My sibling (using Debian Testing) had wrist RSI this summer and we tried to
set up Simon Listens (the previous version; 0.4 looks from the release notes
like it's improving). We are both Linux nerds. We were not able to get it to
do anything useful after a few days of work, and I estimated a 50-50 chance
that working harder on it would help[1]. I did not find any other FOSS speech-
to-text that I could get working either. (FOSS Linux text-to-speech is much
better; e.g. Orca is good.) We did not try any commercial products; Dragon
Naturally Speaking is the only one I know of having a good reputation but it
is Windows-based.
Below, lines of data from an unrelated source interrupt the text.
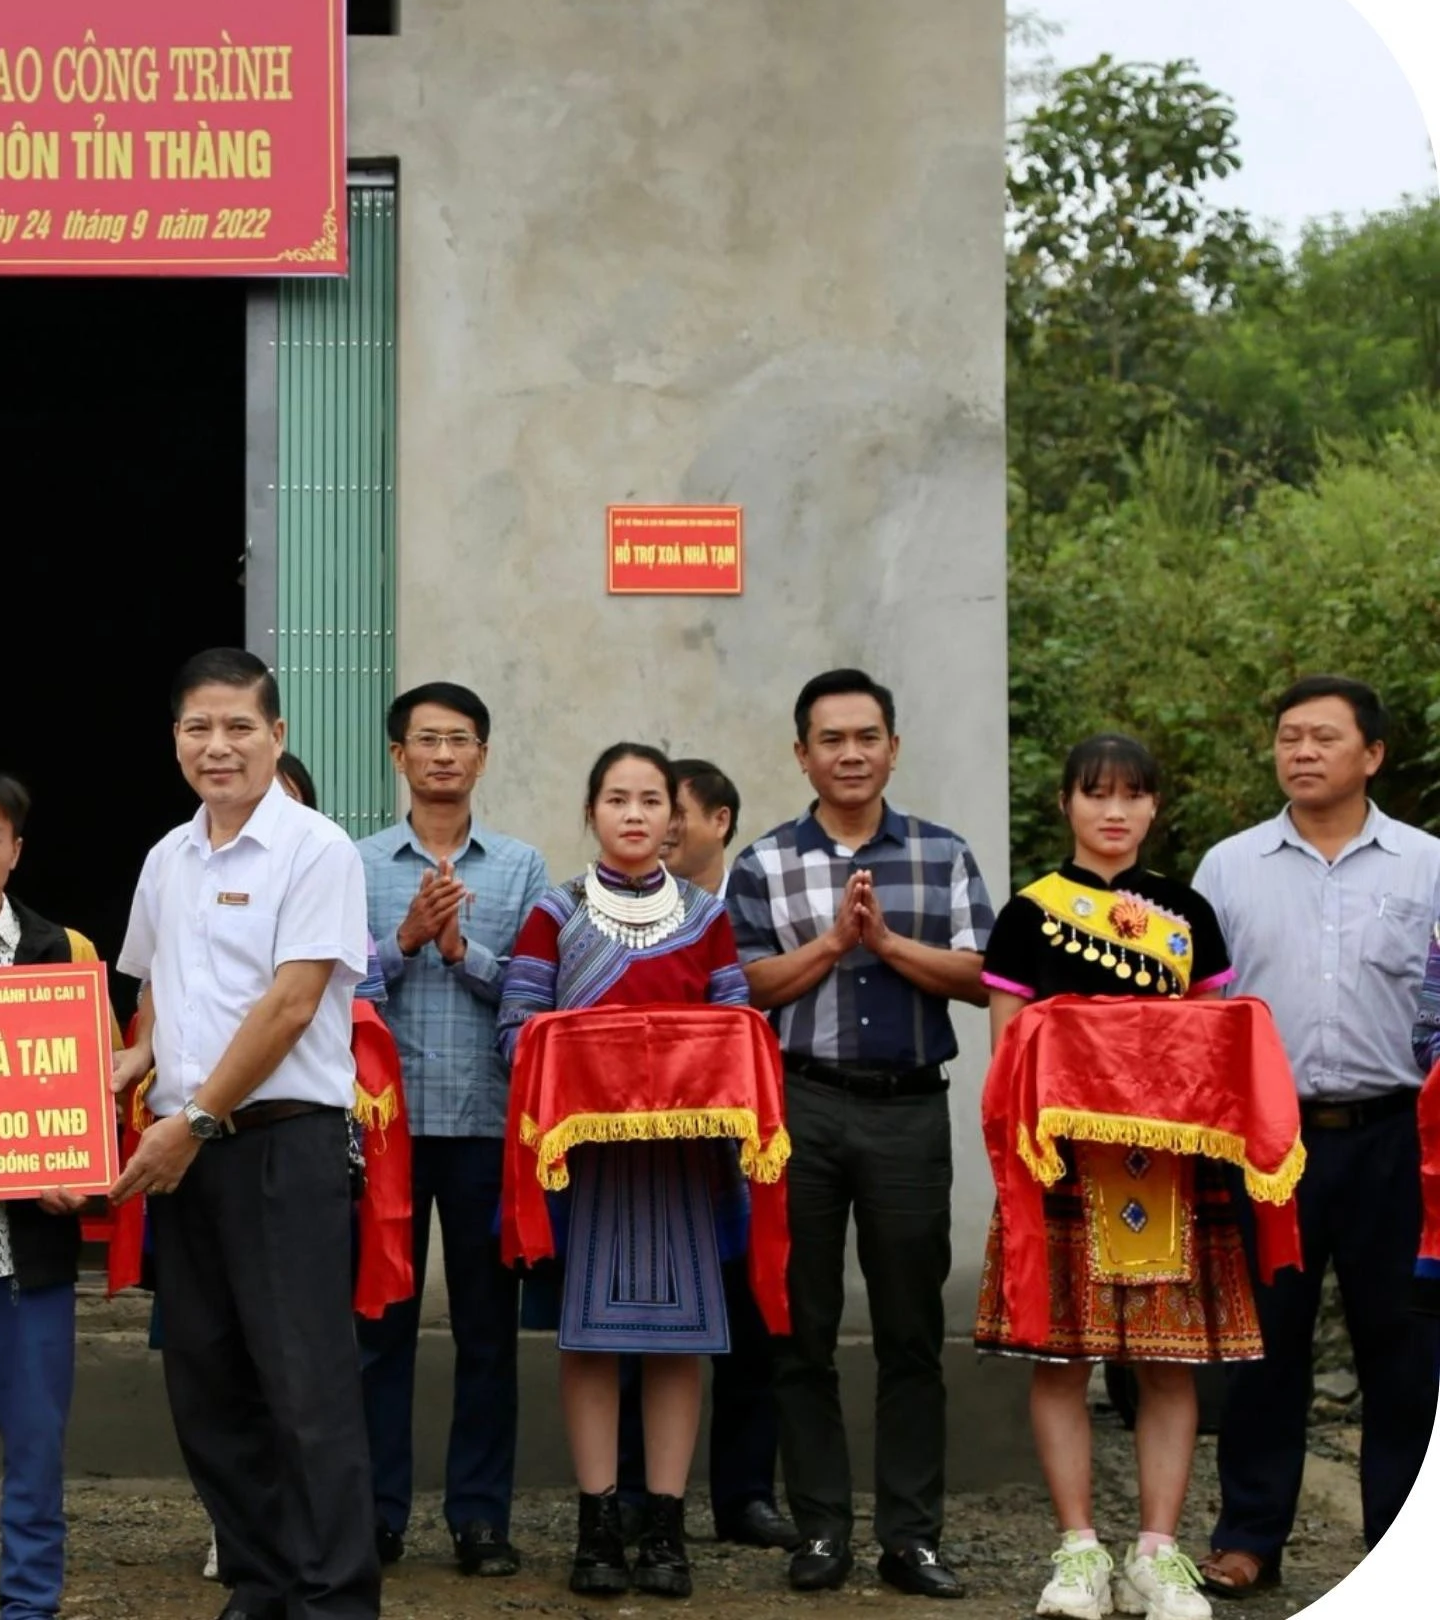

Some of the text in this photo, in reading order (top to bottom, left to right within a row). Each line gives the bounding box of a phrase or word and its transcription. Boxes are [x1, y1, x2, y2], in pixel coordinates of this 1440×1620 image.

[52, 28, 160, 104] CÔNG
[169, 29, 293, 102] TRÌNH
[71, 112, 133, 180] TỈN
[145, 120, 272, 180] THÀNG
[20, 209, 51, 240] 24
[62, 207, 129, 244] tháng
[130, 208, 149, 240] 9
[156, 208, 210, 240] năm
[211, 208, 272, 240] 2022
[29, 986, 52, 1003] LÀO
[54, 987, 75, 1002] CAI
[17, 1036, 77, 1084] TẠM
[35, 1108, 88, 1137] VNĐ
Also, it's hard to integrate well into the Linux stack
without being FOSS. A list of products we looked at:
<https://en.wikipedia.org/wiki/Speech_recognition_in_Linux>

[1] Issues with compiling, dependencies, figuring out the conceptual model
Simon Listens uses, trying to figure out whether Simon-not-doing-anything was
because we miscompiled it, or audio input, or incompatible dep versions or
misconfigured deps, or us just doing the wrong thing because the English
documentation wasn't super thorough... Imagine setting up Apache, MySQL and
PHP if there weren't a billion tutorials online, you'd never used Apache, and
MySQL wasn't compatible with your GCC unless you pulled the git version and
hoped you didn't get confused by dev-version-only bugs.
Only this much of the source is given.